Following a Saturday in State College that involved a 4:45 a.m. alarm, a tailgate, scrimmage, The Diner, the Creamery, the carnival and a flat tire, I woke up on Sunday morning looking for some relaxation. I turned to my DVR to re-watch the Blue-White game, complete with Mike Mauti commentary, this time from the dry warmth of my own couch. Having already seen the game, not much surprised me between the white lines. However, the one thing that I did notice as strange was all the talk about leadership. Who will be the leaders? Who will take over for Mauti? Which players have the ability to lead?
I don’t mean to imply that replacing Jordan Hill, Mike Zordich and Mauti will be easy, but the Nittany Lions are set for many years in the “leadership” department.

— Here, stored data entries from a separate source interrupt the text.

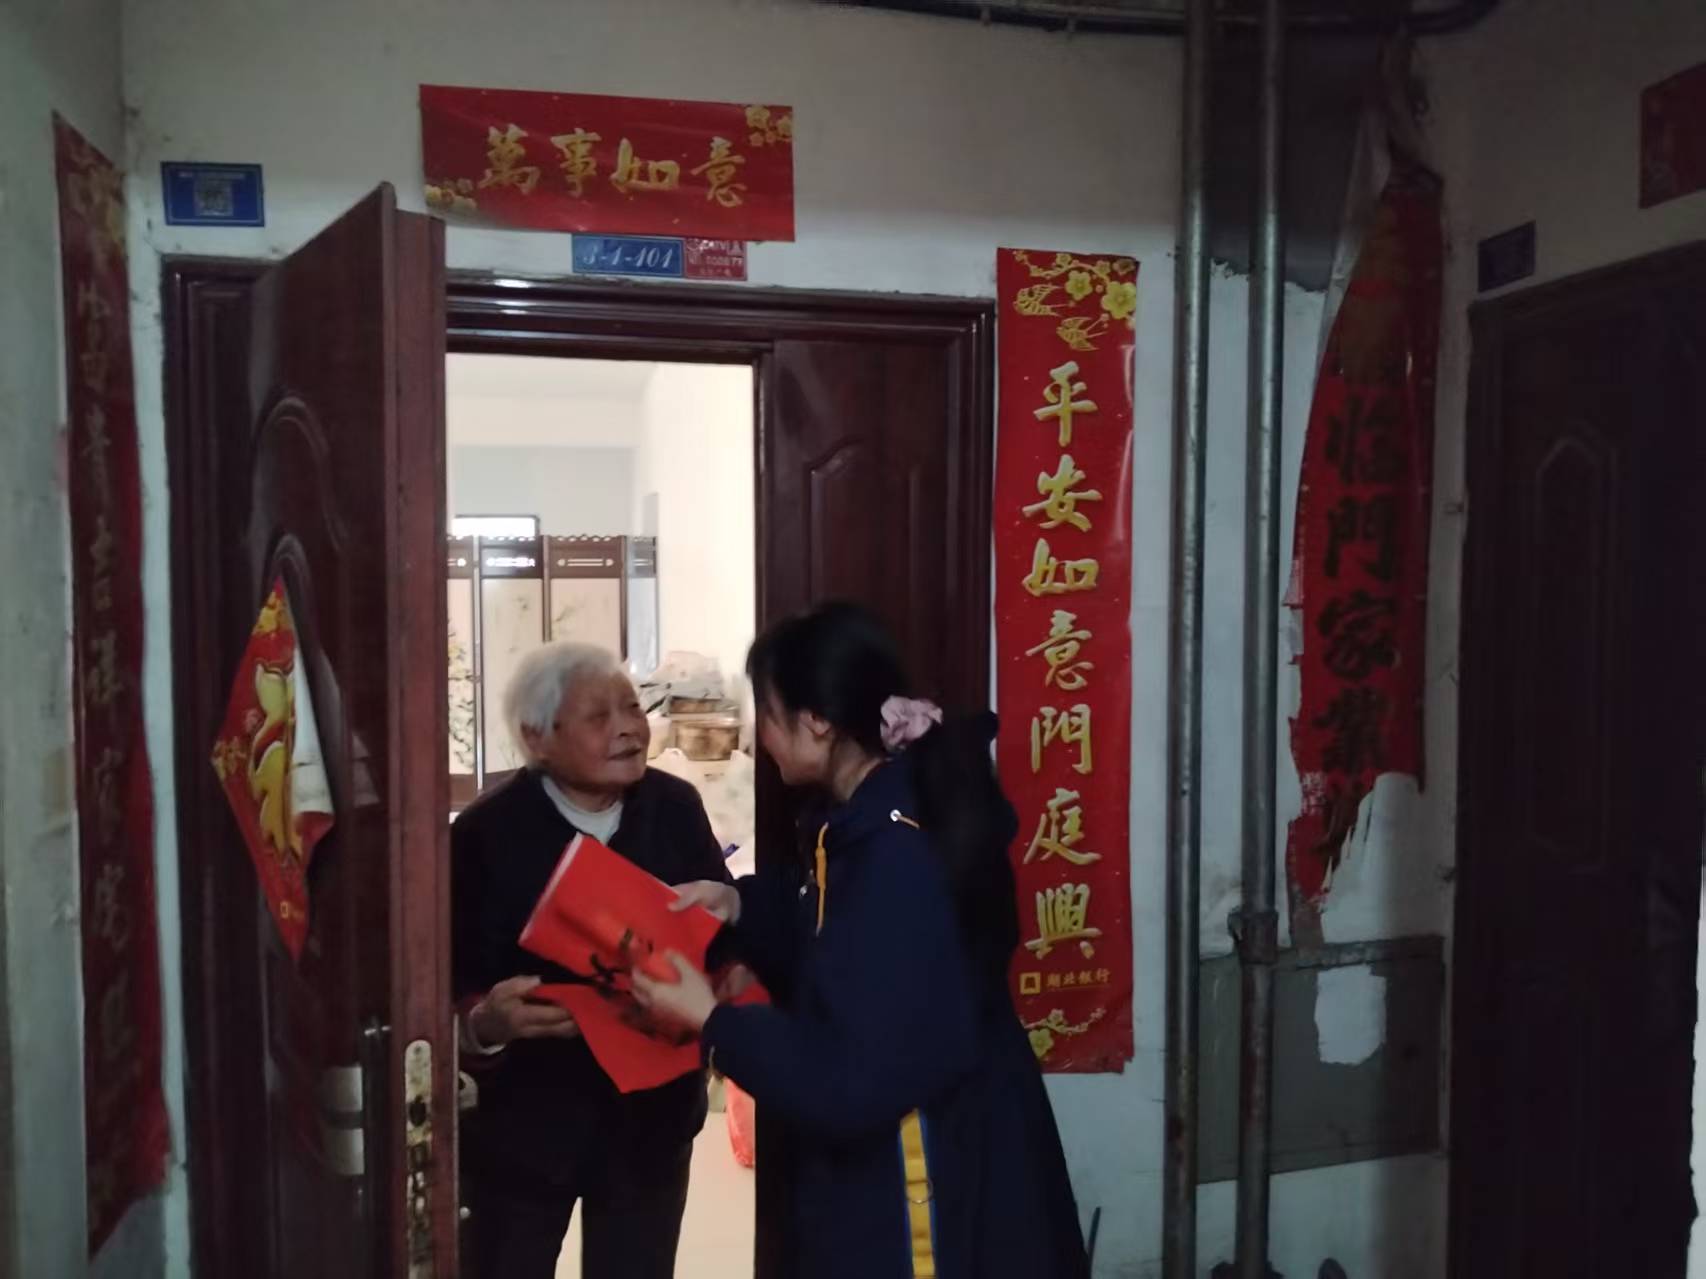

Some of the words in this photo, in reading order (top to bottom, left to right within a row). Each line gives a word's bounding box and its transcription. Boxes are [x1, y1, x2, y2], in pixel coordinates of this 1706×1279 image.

[478, 123, 747, 208] 萬事如意
[1022, 361, 1103, 960] 平安如意門庭興
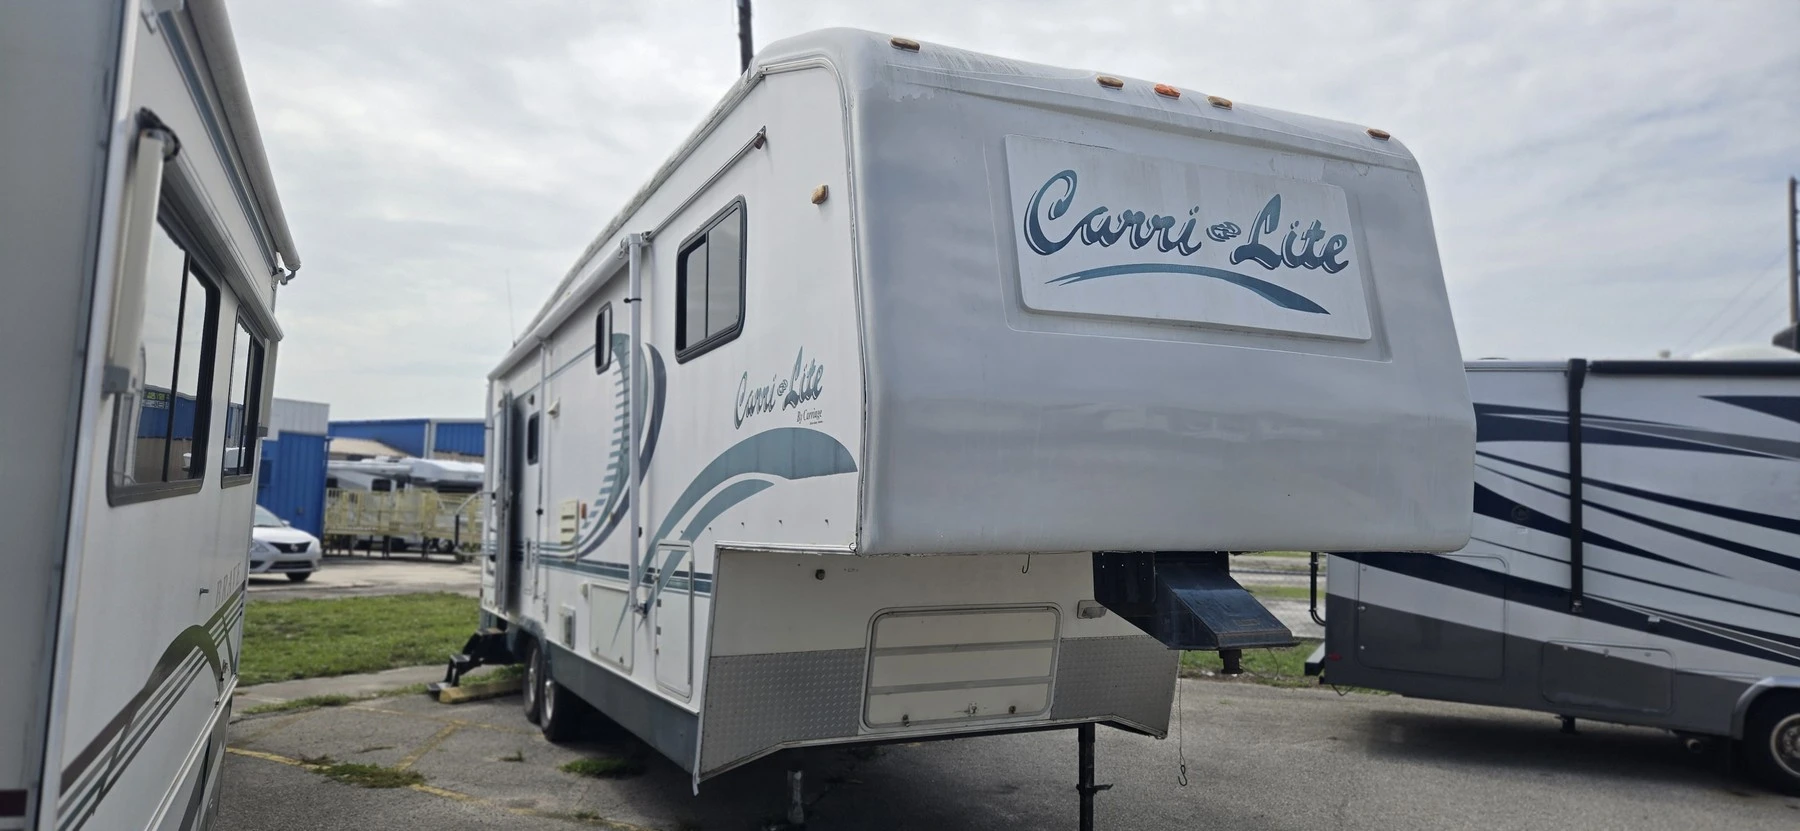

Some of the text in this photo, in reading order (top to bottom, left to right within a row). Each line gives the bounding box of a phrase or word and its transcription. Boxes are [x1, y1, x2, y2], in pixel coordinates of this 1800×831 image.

[1023, 169, 1349, 274] Carri Lite
[734, 345, 824, 430] Carri Lite
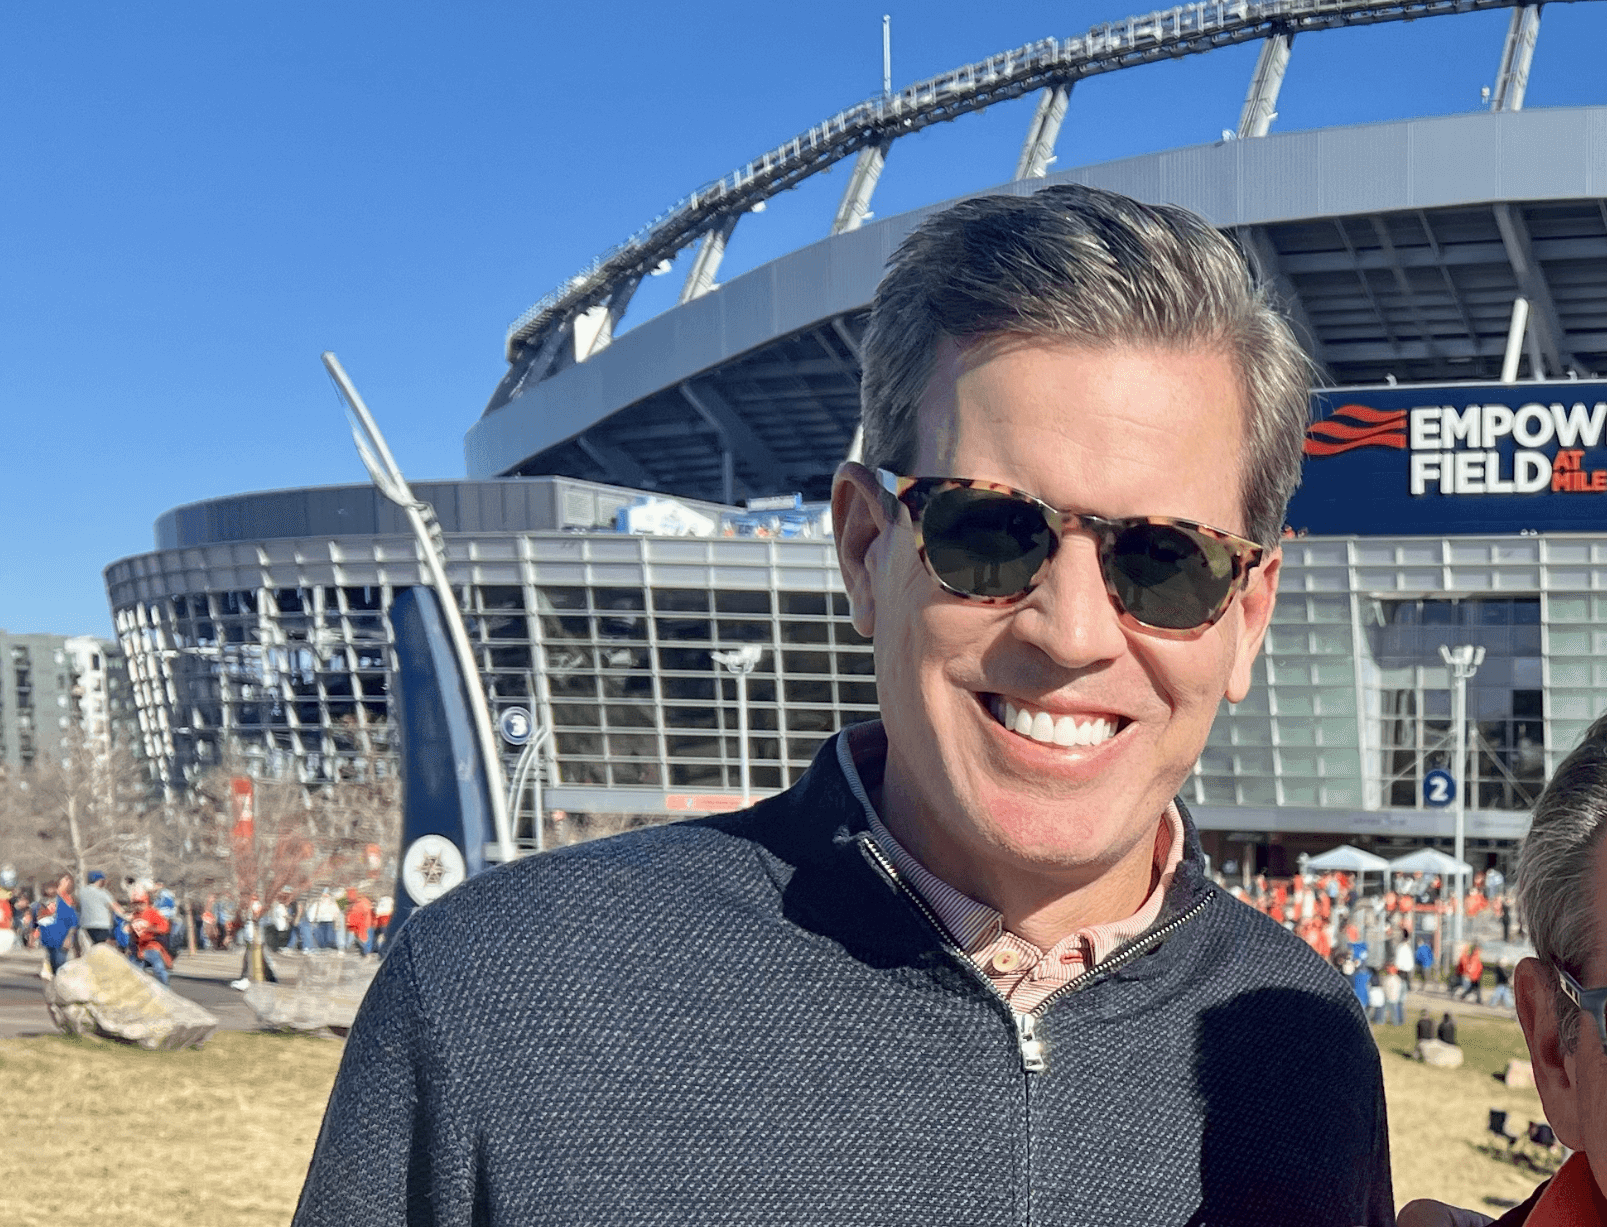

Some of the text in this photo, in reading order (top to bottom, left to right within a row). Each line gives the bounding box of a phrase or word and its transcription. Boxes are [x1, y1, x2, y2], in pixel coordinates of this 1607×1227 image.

[1553, 449, 1585, 470] AT
[1410, 450, 1552, 494] FIELD
[510, 714, 527, 737] 3
[1429, 776, 1449, 802] 2

On the current roster, 18 of the freshmen and sophomores were part of the 2012 recruiting class. That class signed their letters of intent to play at Penn State less than three months after “it” happened in Happy Valley. Several players, both committed and otherwise, turned their backs on PSU during that time. There were questions swirling about the coaching change and NCAA sanctions. Jokes were made and insults were slung. To put it mildly, being a Nittany Lion wasn’t the cool thing to do. To those 18 players, none of that mattered. Wise cracks didn’t outweigh the chance to gain a meaningful degree while playing big time football at a prestigious institution. While others lined up to walk away from Penn State, those 18 young men led the way into Happy Valley to “restore the roar.” That’s leadership.
Last July, sanctions were handed to Penn State that will keep them out of postseason play for the next three years. Scholarship restrictions will make simply competing a difficult task. Players being recruited by Bill O’Brien and his staff had not yet entered their senior years and had more than six months to make a final decision regarding their college careers. While some players again turned their backs on Penn State, this fall will feature 18 new players who woke up early one morning in February to fax in their signatures, committing to play football for and attend the Pennsylvania State University. Many of them admitted that missing bowl games was an unfortunate reality, but that being a part of Penn State made the sanctions seem trivial. That’s leadership.
Despite the dark cloud portrayed around the Penn State football program, the last 15 months have seen that same program add 36 young men from all four corners of the country, lining up to stand proud as Penn Staters. While the easy thing would have been to turn their backs on Dear Old State, these young men embraced it with open arms.
Let us also not forget that the upper classmen on the roster all had the opportunity to leave last year after the sanctions. Hell, it’s rarely mentioned because it seems to be a non-issue, but the entire roster still has that option. While some of the players decided last summer to pursue greener pastures, each member of the current team accepted the fact that their post-season college careers had come to an end. To them, it became about upholding the Penn State tradition. It became about blocking out the noise and playing tough, smart football. Penn State football.
On the field, replacing Matt McGloin and Stephon Morris will not be an easy task. The experience of guys like Hodges, Stankiewitch and Massaro can be attained only through time. Depth at linebacker will be an issue and new playmakers will be sought in the defensive backfield. There’s a question mark at quarterback and the offensive line will have to gel. However, when it comes to finding new leaders for the Penn State football team, you don’t have to look very far. The entire roster is made up of them.